Drei Spitzenreiter mit 115 km/h

13.01.2007

Mainpost 13.1.2007

 

Drei Spitzenreiter mit 115 km/h

Kolitzheim (BP) Bürgermeister Horst Herbert berichtete in der Gemeinderatssitzung über Verkehrsmessungen in Kolitzheim seit Ende November, wovon nun vier Wochen ausgewertet wurden. Danach waren ortsauswärts in einer Woche durchschnittlich 2425 Fahrzeuge und ortseinwärts 2892, zusammen 5377 Fahrzeuge, unterwegs.

55 Kilometer pro Stunde waren als Grenze angesetzt. Ortsauswärts fuhren 76 Prozent der Fahrer langsamer und ortseinwärts 58 Prozent. Die höchste Geschwindigkeit hatten ortsauswärts ein Fahrzeug mit knapp 100 Kilometer und einwärts drei Fahrzeuge mit über 115 Kilometer pro Stunde. Das gemeindeeigene Gerät soll in allen Ortsteilen aufgestellt werden, beantwortete das Gemeindeoberhaupt eine Frage.

Bei den Feldgeschworenen habe es Veränderungen gegeben, war eine weitere Information des Bürgermeisters. In Kolitzheim habe anstatt Josef Nunn nun sein Sohn Thomas dieses Amt inne und Gerhard Pohly ersetze Valentin Graf als Obmann. In Stammheim sei Gudrun Moller als erste Frau in der Gemeinde neue Siebenerin. In Unterspiesheim übergab Bruno Nöth das Amt des Obmannes an Werner Söllner.

Den Plänen der Regierung für Unterfranken für die Erweiterung des Naturschutzgebietes "Schleifwiesen und Nussloch" bei Lindach stimmten die Gemeinderäte zu. Betroffen davon sind nur öffentliche Grundstücke. Private Grundstücke und die Gemeindeverbindungsstraße nach Öttershausen seien aus dem ursprünglichen Plan herausgenommen, informierte Horst Herbert.

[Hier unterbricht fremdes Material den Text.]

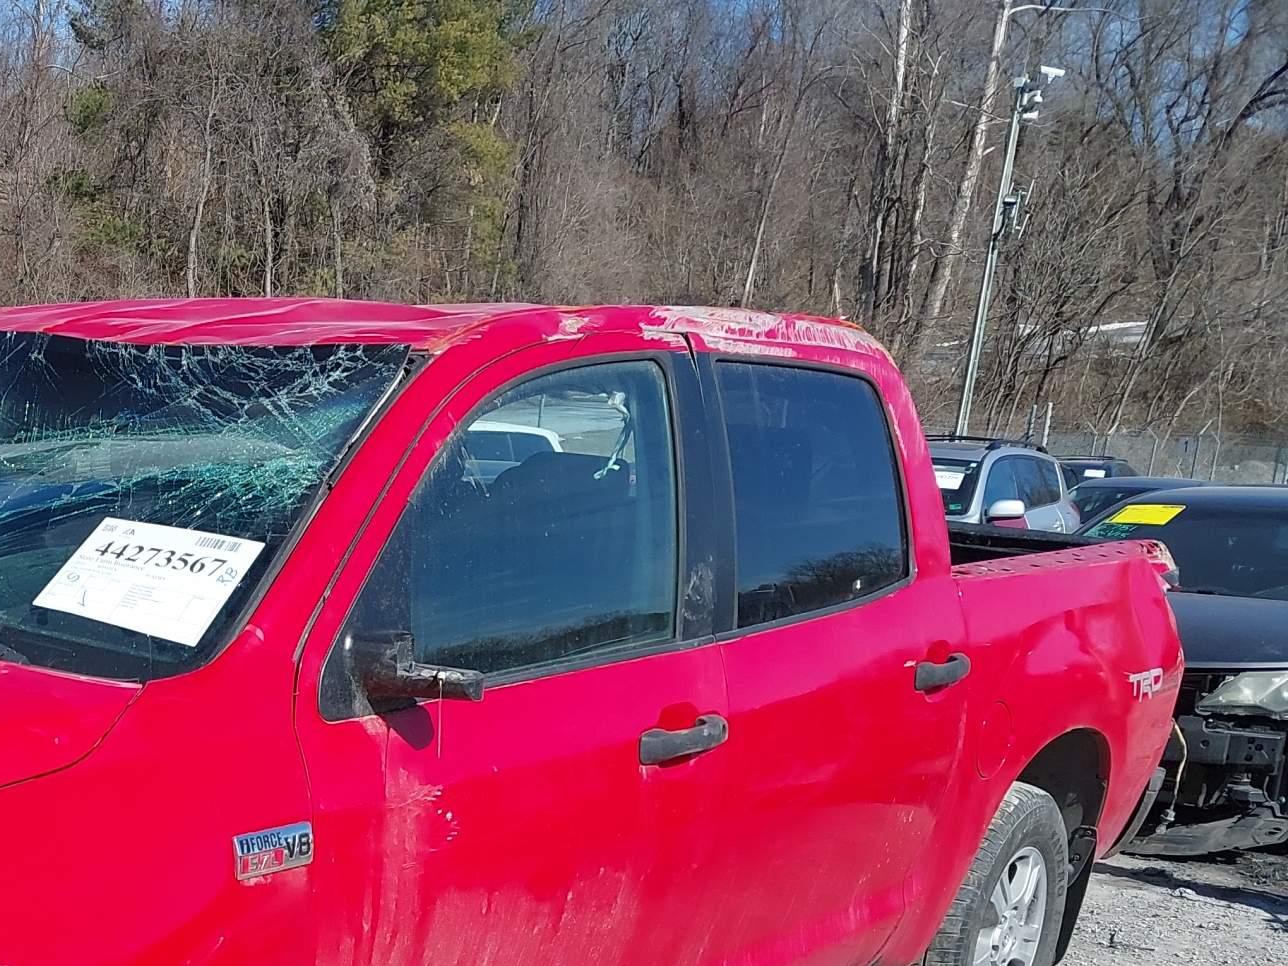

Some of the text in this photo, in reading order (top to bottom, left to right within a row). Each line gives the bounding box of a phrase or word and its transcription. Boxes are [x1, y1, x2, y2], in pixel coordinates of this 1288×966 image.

In eigener Sache stimmten die Gemeinderäte zwei Bauanträgen zu. Im Rahmen der Dorferneuerung Kolitzheim befürworteten sie den Bau des Weiherpavillons für die Freizeitanlage an der Wadenbrunner Straße und den Bau der Fahrgastunterstellhalle und Dorfinfohaus am Scheuringsplatz.

Ein Diskussionspunkt war auch der Brand im Lehrerzimmer der Grundschule Herlheim kurz vor Weihnachten. Vor allem durch die starke Rauchentwicklung sei ein Schaden in Höhe von 15 000 Euro entstanden, den die Brandversicherung trägt, informierte der Bürgermeister. Teppichboden, Vorhänge und Decke mussten entsorgt und erneuert werden. Andere Gegenstände und Geräte im Zimmer hatten eine gründliche Reinigung nötig. Zweiter Bürgermeister Rudolf Bender wunderte sich, dass es keinen Rauchmelder gab und meinte, Rauchmelder sollten in Schulen und Kindergärten angebracht werden. Im Gemeindezentrum Unterspiesheim habe es mit diesen Geräten schon große Probleme gegeben, wurde daraufhin als Gegenargument vorgebracht.